Factors that were associated with homeless individuals' visits to the ED included acute injuries and primary diagnoses related to psychiatric illness and substance abuse, both of which are long-recognized vulnerabilities of the homeless population. Prior studies have shown that homeless people live in fear of being subject to violence.3,29 The popular press has publicized some episodes of violence directed toward homeless individuals.3032 The high prevalence and co-occurrence of psychiatric illness with substance abuse in the homeless population can make this population difficult to treat.5,33,34

These national ED data also show that homeless individuals are more likely than non-homeless individuals to be seen by physicians-in-training (residents and interns). The implications of this finding remain opaque, however, as all individuals seen by physicians-in-training must by law also be evaluated by attending physicians and, therefore, should be receiving the same baseline level of care.

Given increasing public concern regarding overcrowding of EDs, efforts to humanely avert demand associated with homelessness should be of policy interest. For clinicians working in EDs, comprehensive planning of discharges is required because of homeless people's comorbid psychiatric and substance abuse issues and their lack of consistent and safe shelter.35,36 More comprehensive discharge planning and specialized ED-based programs have been shown to decrease ED visits by the homeless.26,37,38 Policy makers charged with unburdening overloaded hospitals and EDs may wish to consider medically supervised recovery environments, termed “medical respite programs,” now operating in more than 35 sites across the country. Availability of such programs has been associated with reduced hospital readmission in two observational studies, and a third multisite study is presently underway.39,40 A nationally prominent housing intervention may reduce the burden of homelessness on public resources (including EDs).
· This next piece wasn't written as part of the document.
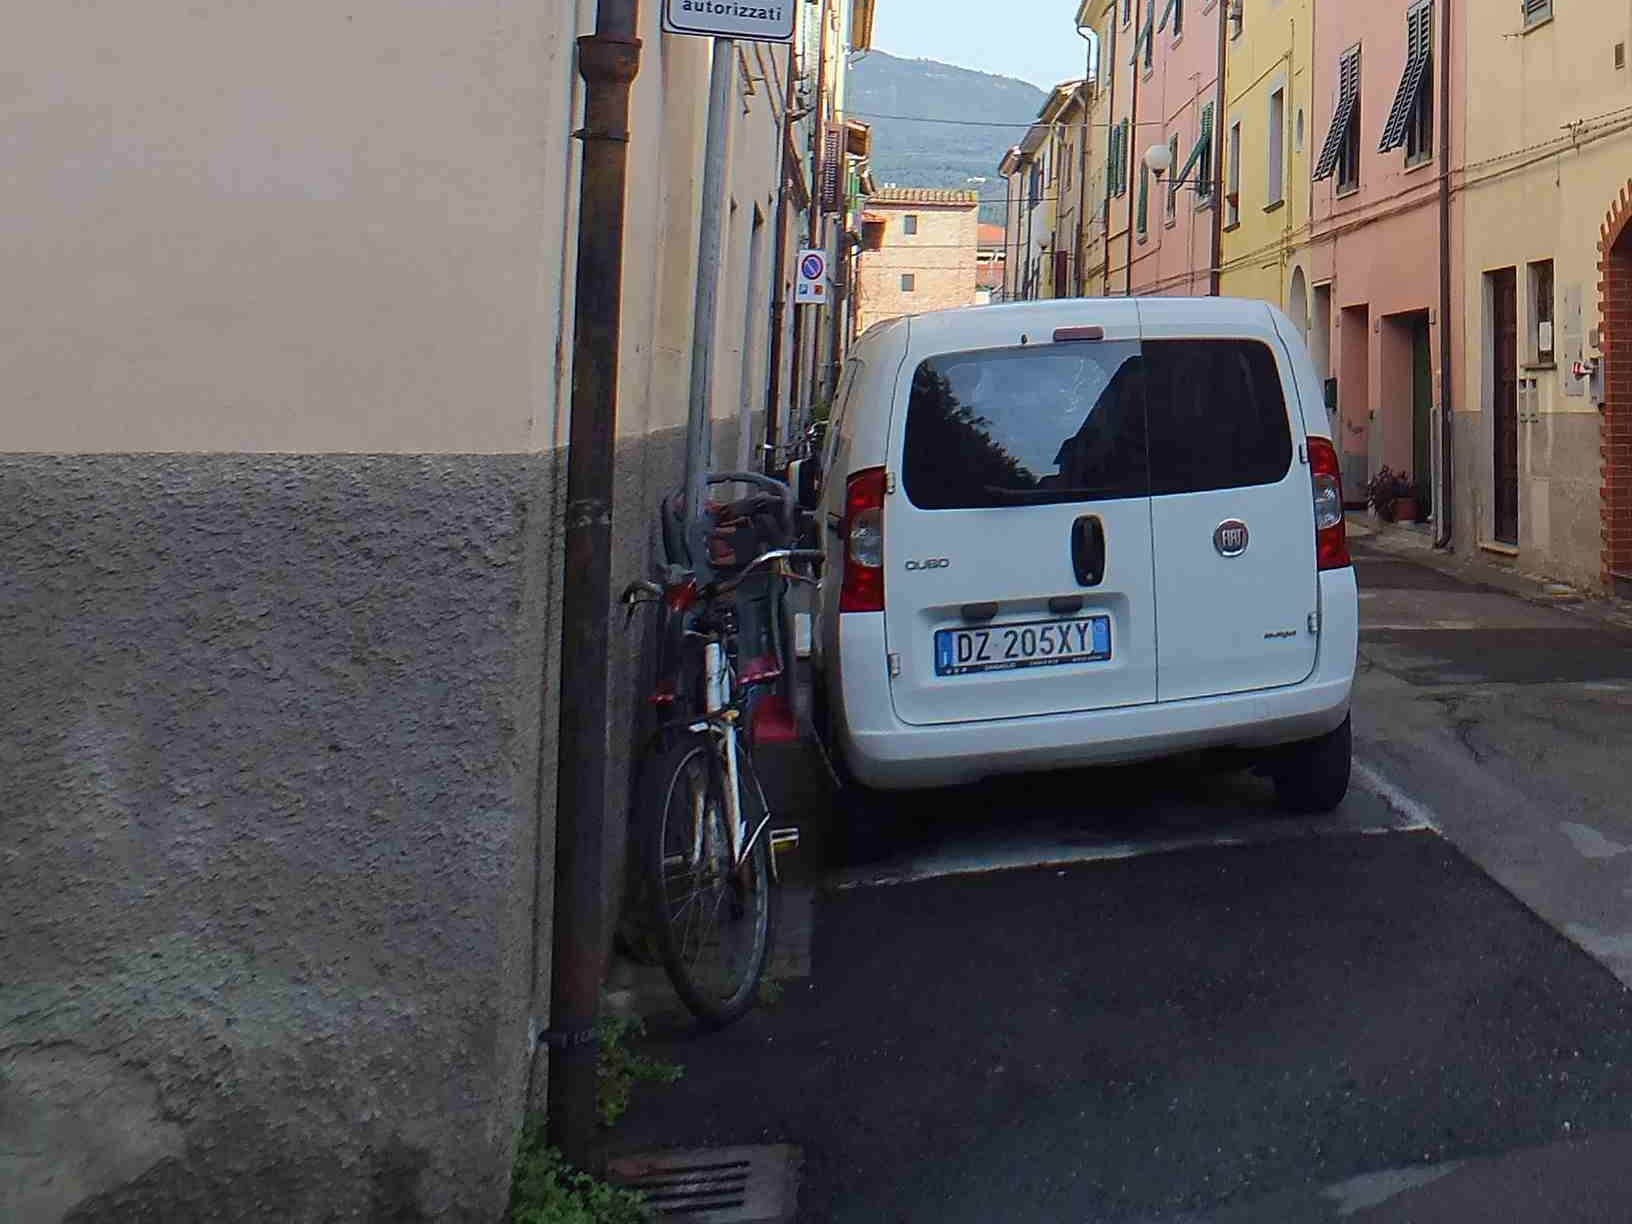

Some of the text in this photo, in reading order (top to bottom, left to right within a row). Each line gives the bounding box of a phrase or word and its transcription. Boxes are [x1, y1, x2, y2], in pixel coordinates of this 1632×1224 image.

[682, 0, 782, 22] autorizzati
[904, 558, 951, 570] QUBO
[957, 622, 1090, 664] DZ 205XY
Specifically, “Housing First” approaches focus on providing housing without requiring abstinence or treatment for medical or mental problems.41 Several recent studies have demonstrated that this type of program can reduce costs and improve health outcomes.4244

Limitations

The estimated number of homeless ED visits, although high, is likely to be an undercount because homeless people may not volunteer housing status and ED staff may fail to inquire about or record this information, as homeless status is not a required item in clinical charts. Furthermore, when homeless patients are seen in the ED, they may not be easily identifiable on chart review because the patient will often list a shelter, friend or family's house, or a fictitious address as their primary residence. Enumerating the homeless is difficult in all circumstances, but especially in the retrospective chart review used for NHAMCS-ED. However, while absolute counts are likely to be underestimates, the relationship between homeless status and other variables is less likely to be biased.

The number of visits to EDs by homeless individuals in the dataset was limited to only two years because the NHAMCS-ED survey first began recording homeless status in 2005. As a result, the unweighted sample size for visits by homeless individuals was only 449. Because of limited statistical power, we assessed only a few of many potential explanatory variables and aggregated categories for some variables (e.g., insurance status and ED diagnosis) based on a priori reasoning, previous literature, and category size.

CONCLUSIONS

Because data on homelessness are now being collected with the NHAMCS-ED annually, regular review of this resource will provide important information in trends of ED use. Although our findings could suggest that national ED usage by homeless people is less than that previously reported in single hospital or city-based ED studies, the prevalence of homeless visitors to the ED is still high. The high frequency of repeat ED visits identifies a systemic shortcoming and underscores the need for policy remedies for homelessness in the U.S.